Coloca-a no local certo e ela pede muito pouco em troca, o que é reconfortante se esta for a tua primeira árvore de grande porte. Quer um solo rico, húmido e ácido e rega constante enquanto se instala, e depois trata praticamente de si própria, resistindo bem à maioria das pragas, à exceção de uma ou outra visita de cochonilha. Cultivares mais recentes alargaram a sua área de cultivo bem para norte, por isso até jardins mais frios lhe podem dar um lar feliz.
Cuidados
A versão resumida: dá-lhe sol pleno a meia-sombra e um solo rico, ácido e sempre húmido, rega em profundidade nos períodos secos enquanto é jovem, e poda pouco, além dos ramos mortos ou cruzados ocasionais. Acerta nestes princípios básicos e a árvore perdoa o resto.
Luz
A magnólia-do-sul está mais feliz a sol pleno, mas aguenta bem meia-sombra e sombra parcial, por isso não te preocupes se o teu local apanhar alguma sombra. Mais sol recompensa-te com um crescimento mais denso e uma floração mais generosa, enquanto um canto mais sombrio te dá simplesmente uma árvore mais solta e aberta. De qualquer forma, ela vai crescer.
Rega
Procura manter o solo sempre húmido, regando em profundidade nos períodos secos, especialmente enquanto a árvore jovem se está a instalar. Depois de estabelecida, uma boa rega a cada 7 a 14 dias em tempo seco é suficiente. Não gosta de ficar nem em seca prolongada nem em água estagnada, por isso constância e equilíbrio são o teu objetivo.
Solo
Planta-a num solo rico e bem drenado, que retenha humidade e seja generoso em matéria orgânica. A árvore tende para o ácido e sente-se mais confortável com um pH entre 5,0 e 6,5. Tolera solo argiloso, embora um terreno encharcado ou extremo ponha a sua paciência à prova, por isso dá-lhe algo friável e gentil, se possível.
Temperatura
Esta árvore lida bem com uma grande amplitude de temperaturas, de cerca de -23°C a 38°C, o que cobre confortavelmente as zonas 6 a 10. Se o teu jardim se situa no limite frio a norte, um cultivar resistente é a escolha reconfortante que tira a preocupação de um inverno rigoroso.
Humidade
O ar exterior normal serve-lhe bem, por isso não há nenhum nível de humidade que precises de perseguir. Em períodos quentes e húmidos, podes notar mancha foliar algal, mas é apenas estética e não vale a pena perder o sono com isso.
Adubação
Aduba apenas uma vez, na primavera, com um fertilizante equilibrado ou acidificante, de libertação lenta, feito para árvores que gostam de solo ácido. É melhor teres mão leve, porque demasiado azoto estimula um crescimento novo e tenro que as cochonilhas adoram encontrar.
Poda
Felizmente, esta árvore precisa de pouca poda. Retira quaisquer ramos mortos, danificados ou cruzados no fim do inverno ou início da primavera, e sente-te à vontade para deixar os ramos baixos varrer o chão, se preferires que escondam as folhas caídas em vez de revelarem um tronco nu.
Mudança de vaso
Uma árvore plantada em terra nunca precisa de ser replantada, e mesmo uma planta em vaso só é mudada raramente, por isso podes descansar quanto a isso. Quando uma planta de viveiro já não cabe no vaso, vais ver raízes a dar voltas na base, raízes a sair pelos furos de drenagem e água a escorrer diretamente em vez de ser absorvida.
Tamanho e espaçamento
Planeia desde o início para uma árvore grande, com 18 a 24 m de altura e 9 a 15 m de largura.
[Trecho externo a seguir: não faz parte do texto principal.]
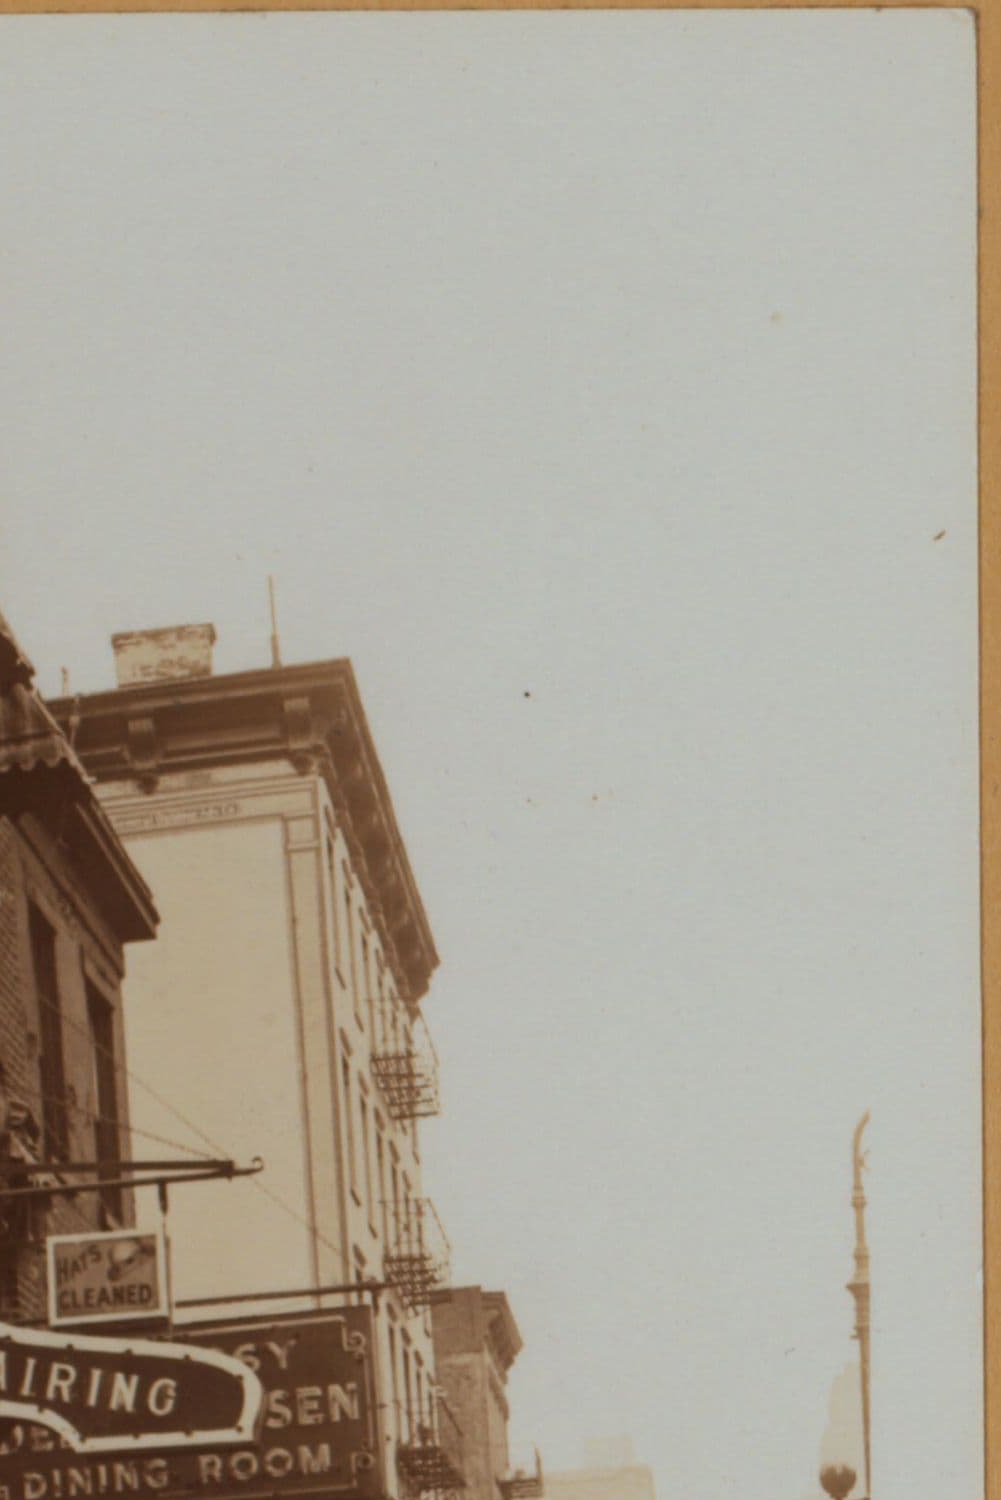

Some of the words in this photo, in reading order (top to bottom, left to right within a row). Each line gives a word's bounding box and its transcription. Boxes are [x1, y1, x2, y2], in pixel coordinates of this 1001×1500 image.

[56, 1244, 102, 1284] HATS
[58, 1283, 152, 1310] CLEANED
[200, 1441, 333, 1487] ROOM
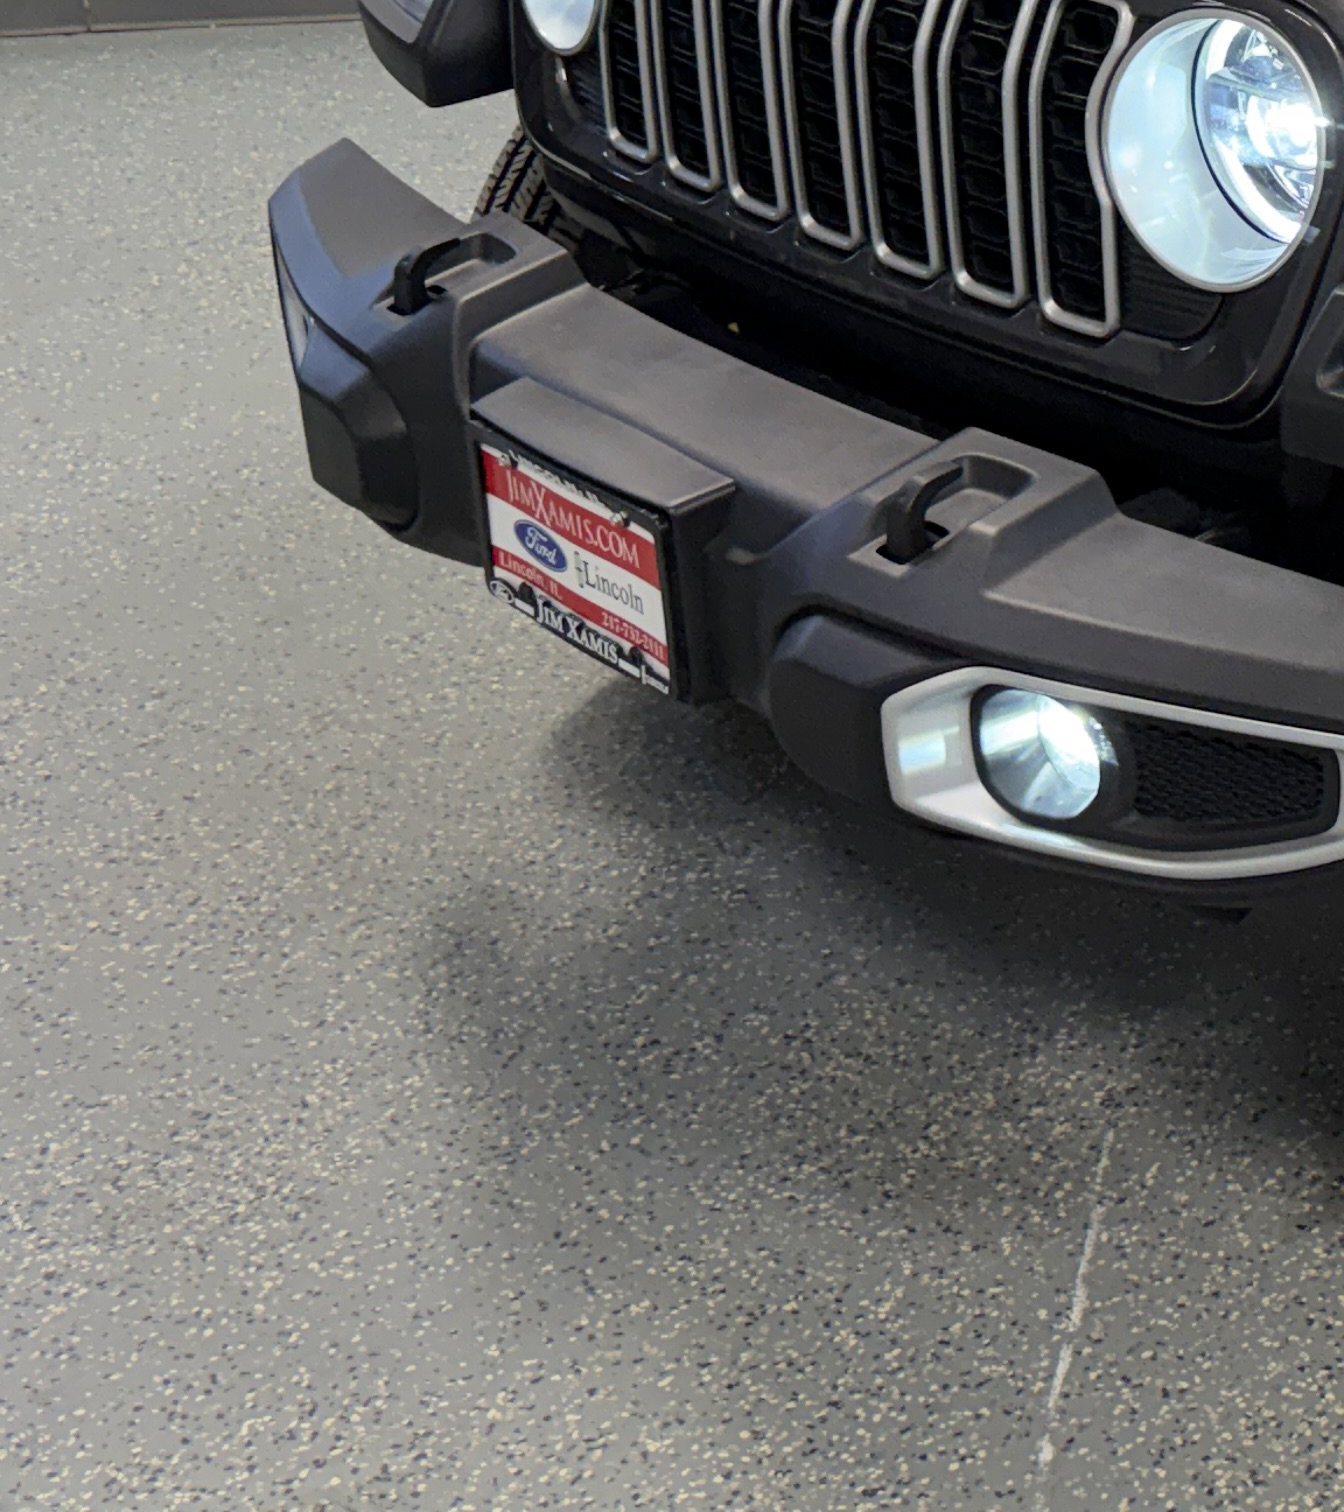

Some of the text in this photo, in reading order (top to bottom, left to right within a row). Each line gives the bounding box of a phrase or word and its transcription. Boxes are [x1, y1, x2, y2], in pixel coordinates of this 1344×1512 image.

[524, 526, 558, 566] Ford
[582, 560, 645, 616] Lincoln
[536, 597, 619, 664] JIM XAMIS
Oferece-lhe todo esse espaço livre, longe de construções e relvados, e tanto a copa alargada como as raízes superficiais terão todo o espaço de que precisam para prosperar.
Quando plantar
Esta é uma árvore que plantas uma vez e desfrutas durante décadas, não uma cultura que corres a semear a tempo. Planta-a na primavera ou no outono, enquanto o tempo se mantém ameno e as raízes podem instalar-se com calma. Depois disso, as únicas datas que importam são as dela própria: as grandes flores brancas que se abrem do fim da primavera até ao verão, mais intensas em maio e junho e continuando a aparecer aqui e ali depois disso.
Hemisfério norte
Hemisfério sul
Meses típicos para um clima temperado: comece mais cedo em zonas quentes e mais tarde onde as geadas de primavera persistem.
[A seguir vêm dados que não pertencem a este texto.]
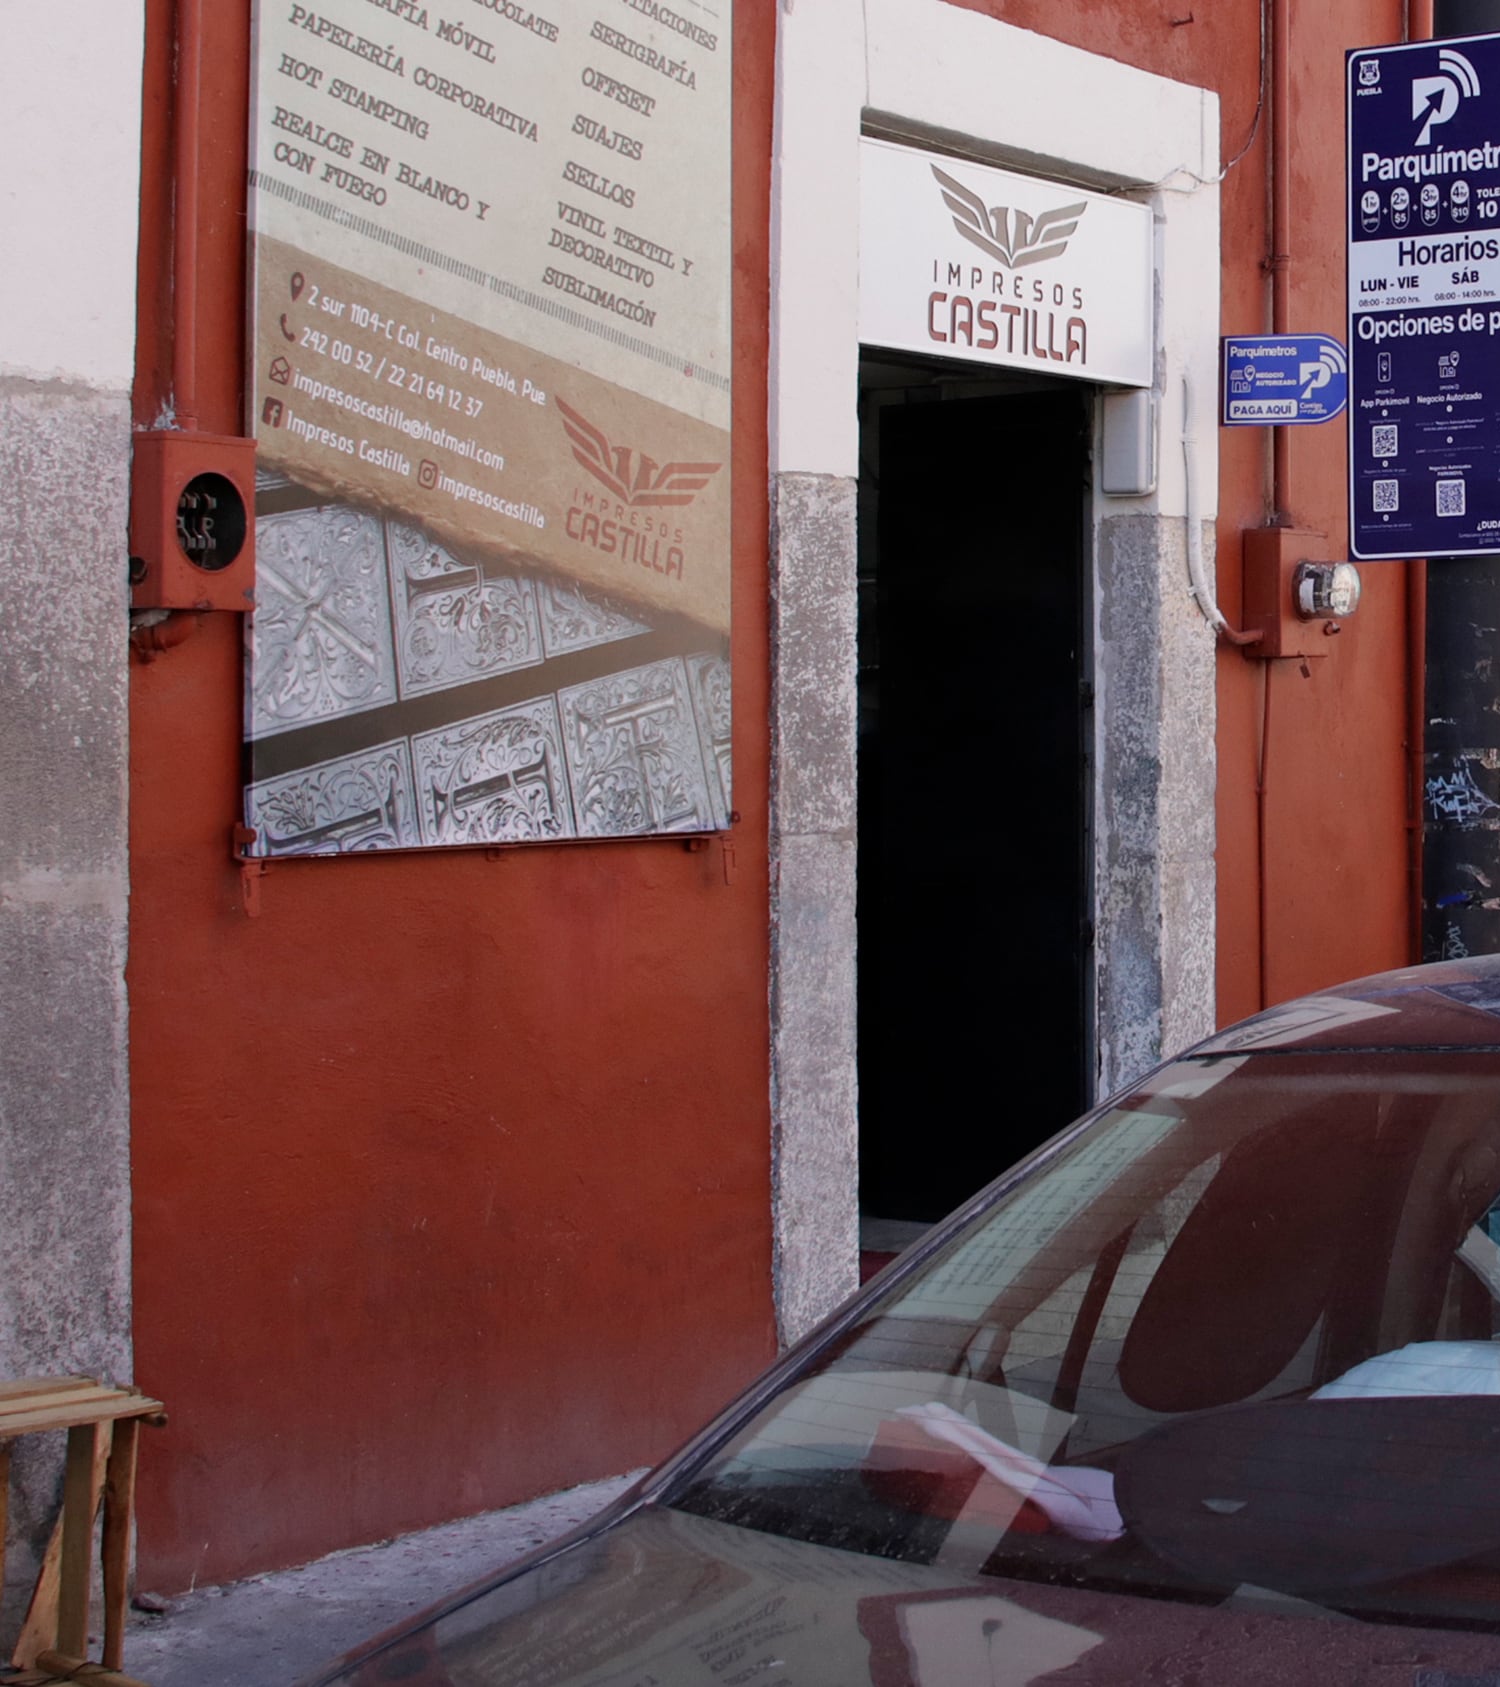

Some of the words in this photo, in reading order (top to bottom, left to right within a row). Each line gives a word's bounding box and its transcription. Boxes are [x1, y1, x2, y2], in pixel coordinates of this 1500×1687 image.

- Plantar: Primavera ou outono
- Colher: Do fim da primavera ao verão (maio a junho, com floração esparsa a continuar durante o verão)
Rusticidade
Temperatura: até -23°C
Resolução de problemas
Uma magnólia-do-sul saudável raramente te dá trabalho, e o punhado de problemas que pode enfrentar aparece quase sempre nos ramos ou nas folhas, onde é fácil de detetar. Apanha-os cedo e quase todos são simples de resolver, por isso não há razão para te preocupares. Encontra abaixo o sintoma que corresponde ao teu e age enquanto o problema ainda é pequeno.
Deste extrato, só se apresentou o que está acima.